(Records from a dataset)
▽

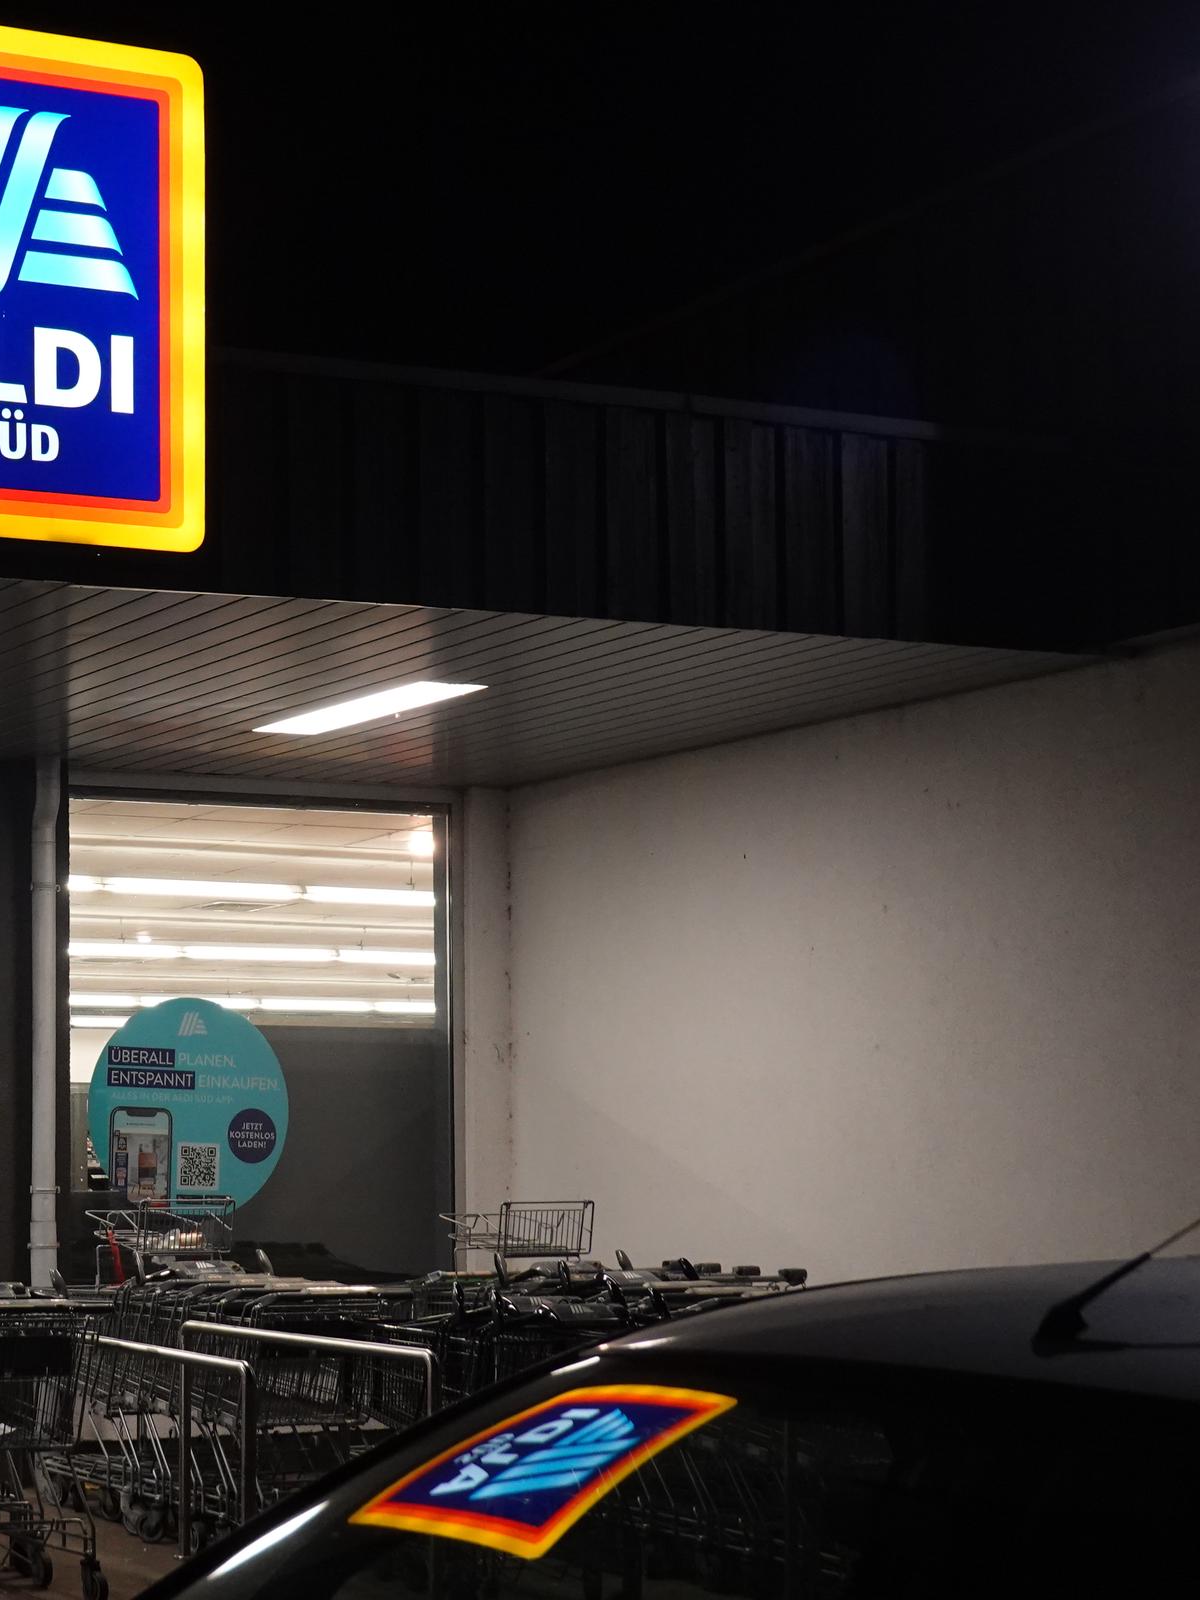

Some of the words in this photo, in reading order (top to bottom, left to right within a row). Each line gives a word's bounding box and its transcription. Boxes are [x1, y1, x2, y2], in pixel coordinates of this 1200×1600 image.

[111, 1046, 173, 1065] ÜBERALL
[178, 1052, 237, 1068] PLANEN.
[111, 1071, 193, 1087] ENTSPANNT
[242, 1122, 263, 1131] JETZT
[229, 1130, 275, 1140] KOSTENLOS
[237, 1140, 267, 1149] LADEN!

△

Problem details → Restate each entry word for word. Omit every picture.

Solved problem →
Some of the words in this photo, in reading order (top to bottom, left to right within a row). Each line gives a word's bounding box and its transcription. Boxes are [x1, y1, x2, y2], in pixel coordinates of this 1200×1600 image.

[111, 1046, 173, 1065] ÜBERALL
[178, 1052, 237, 1068] PLANEN.
[111, 1071, 193, 1087] ENTSPANNT
[242, 1122, 263, 1131] JETZT
[229, 1130, 275, 1140] KOSTENLOS
[237, 1140, 267, 1149] LADEN!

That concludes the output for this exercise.